What you will do :: Once the pictures are set aside, reproduce the remaining data exactly.
── Material supplied ──
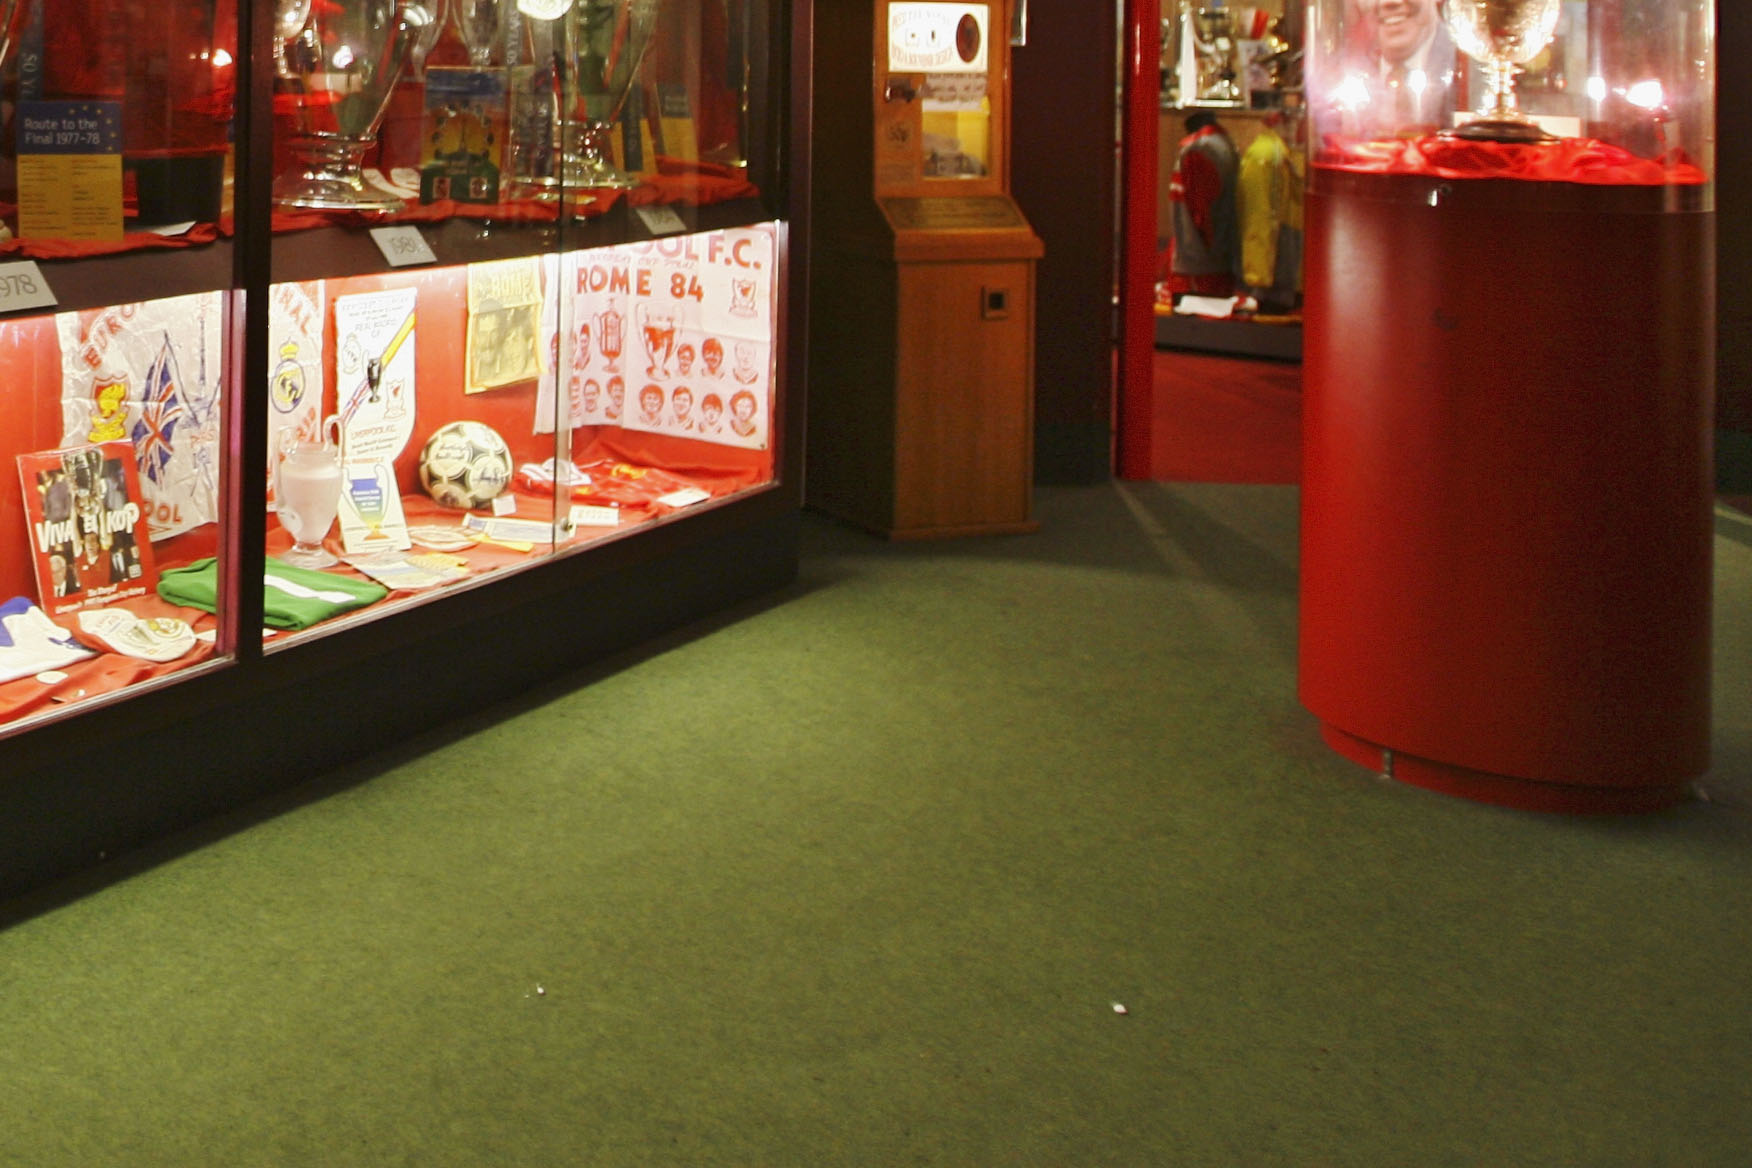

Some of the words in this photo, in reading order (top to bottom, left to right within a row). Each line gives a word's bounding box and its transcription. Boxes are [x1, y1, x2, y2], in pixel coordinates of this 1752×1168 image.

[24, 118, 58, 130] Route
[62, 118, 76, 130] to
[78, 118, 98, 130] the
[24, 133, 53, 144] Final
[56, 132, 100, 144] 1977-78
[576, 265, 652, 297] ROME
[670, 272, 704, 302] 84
───
Output for this task ::
Some of the words in this photo, in reading order (top to bottom, left to right within a row). Each line gives a word's bounding box and its transcription. Boxes are [x1, y1, x2, y2], in pixel coordinates of this 1752×1168 image.

[24, 118, 58, 130] Route
[62, 118, 76, 130] to
[78, 118, 98, 130] the
[24, 133, 53, 144] Final
[56, 132, 100, 144] 1977-78
[576, 265, 652, 297] ROME
[670, 272, 704, 302] 84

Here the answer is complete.